Thursday 6 October 2011

Shaders the old fashioned way

Yes were still using Notepad to edit them. Well that's not quite accurate, I'm using Notepad++

What's nice about Leadwerks is being able to create a shader to add new effects or change how the engine renders something without anything getting in your way. So when Dave asks for a version of the cubemap that will blend in some particular way it was no problem to quickly put it together. He's doing terrible things to make filthy looking windshields, chrome toggle switches and this rather neat looking rear view mirror.

Who needs fancy wysiwyg editors....well it would be nice sometimes.

Dirty Mirror finish

It's a double rainbow! Testing blending and reflections.

4 comments:

  1. Whoa, flower power to the military, yesss!
    Eat that, private Forest Gump!

    ReplyDelete
  2. who parked the chinook in Austin Power's apartment (or should I say his "smashing" apartment).

    Thats a nice feature of the LW engine to be able to switch up the rendering so quickly.

    Love the dirty look Dave... Id say its looking just about right.

    ReplyDelete
  3. Must be a marine CH47, no self-respective RAF pilot would let his mirrors get that dirty.
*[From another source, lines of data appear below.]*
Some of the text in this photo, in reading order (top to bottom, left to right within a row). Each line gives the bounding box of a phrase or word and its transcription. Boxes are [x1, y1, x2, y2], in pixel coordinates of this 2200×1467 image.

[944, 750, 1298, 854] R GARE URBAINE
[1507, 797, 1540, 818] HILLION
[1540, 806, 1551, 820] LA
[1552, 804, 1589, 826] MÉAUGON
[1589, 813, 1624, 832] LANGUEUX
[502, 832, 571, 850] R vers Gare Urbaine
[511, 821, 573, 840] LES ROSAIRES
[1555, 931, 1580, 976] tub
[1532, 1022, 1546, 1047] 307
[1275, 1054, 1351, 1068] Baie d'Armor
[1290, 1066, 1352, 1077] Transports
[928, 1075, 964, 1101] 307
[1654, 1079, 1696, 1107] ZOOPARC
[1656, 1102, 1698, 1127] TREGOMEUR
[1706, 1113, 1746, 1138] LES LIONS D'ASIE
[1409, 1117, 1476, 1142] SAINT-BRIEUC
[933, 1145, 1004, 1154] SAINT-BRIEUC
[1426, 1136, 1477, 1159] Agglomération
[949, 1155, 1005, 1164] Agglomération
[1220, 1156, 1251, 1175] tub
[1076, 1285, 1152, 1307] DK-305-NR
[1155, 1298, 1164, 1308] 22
    I mean what else is there to use to comb your hair when you take your bone dome off.

    ReplyDelete
  4. The downside of the Leadwerks engine is that it can be a royal pain in the ass to do what seem like simple things. Stuff you take for granted.
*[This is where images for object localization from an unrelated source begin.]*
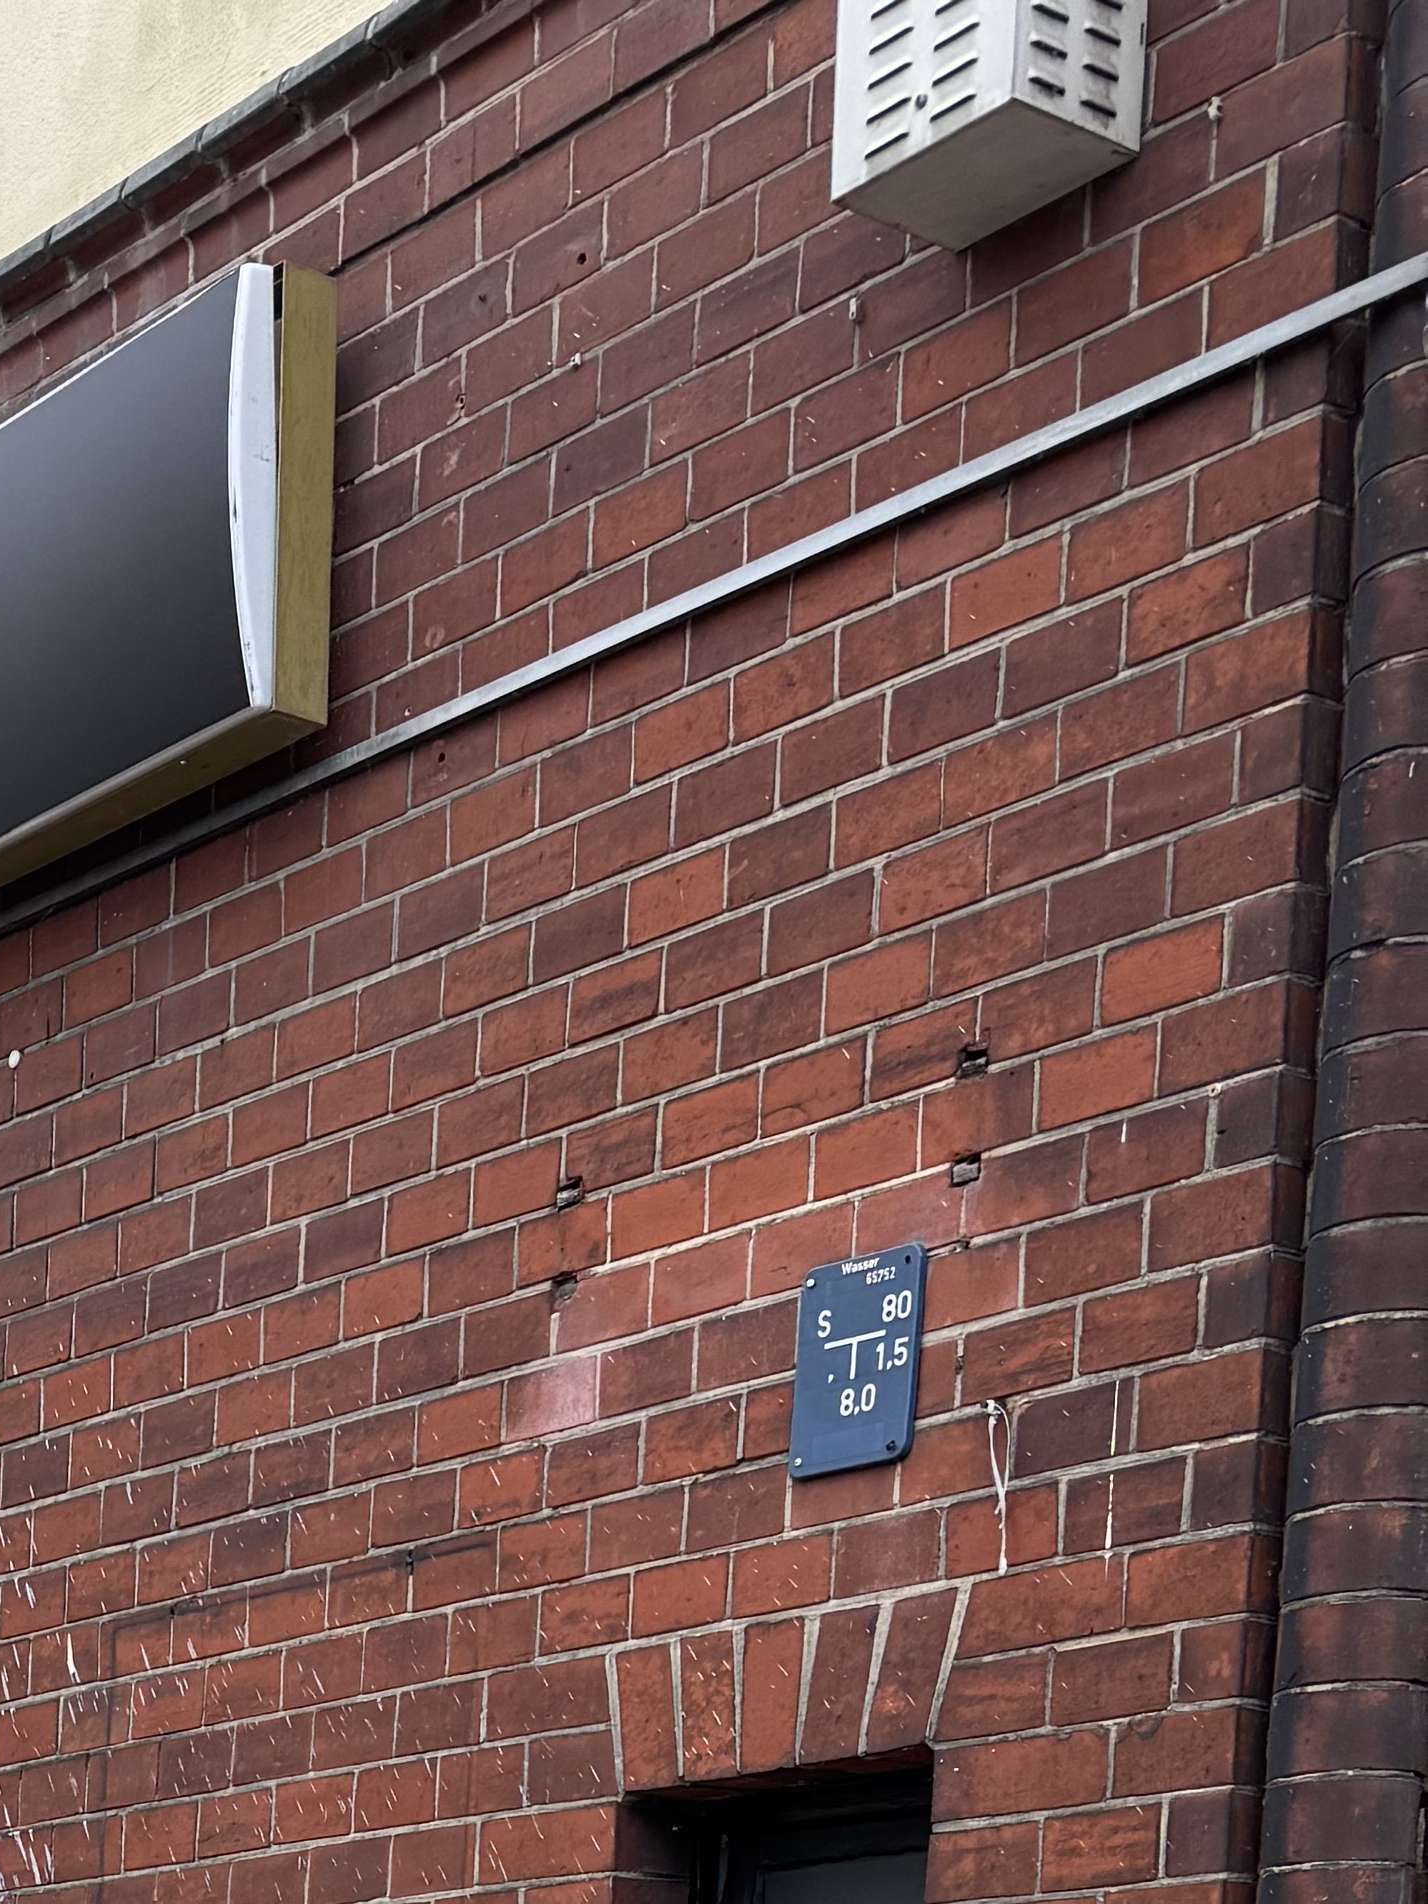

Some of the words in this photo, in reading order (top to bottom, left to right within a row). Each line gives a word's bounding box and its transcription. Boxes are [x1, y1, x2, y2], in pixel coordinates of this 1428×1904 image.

[841, 1257, 880, 1276] Wasser
[865, 1266, 896, 1285] 65752
[817, 1310, 832, 1338] S
[881, 1289, 912, 1323] 80
[875, 1336, 909, 1371] 1,5
[839, 1383, 876, 1417] 8,0
    It's not noob friendly if you want to go beyond what's offered out of the box. The same can be said of Unity and others. Leadwerks is just more hands-on than most since it isn't shrouded in glossy GUIs or padded with outside APIs and SDKs.

    Right tool for the right job.

    I wasn't convinced that Leadwerks was the right tool but it checked more boxes than other engines we could afford at the time.

    I wrote a lot of the Combat-Helo systems to be engine agnostic regardless.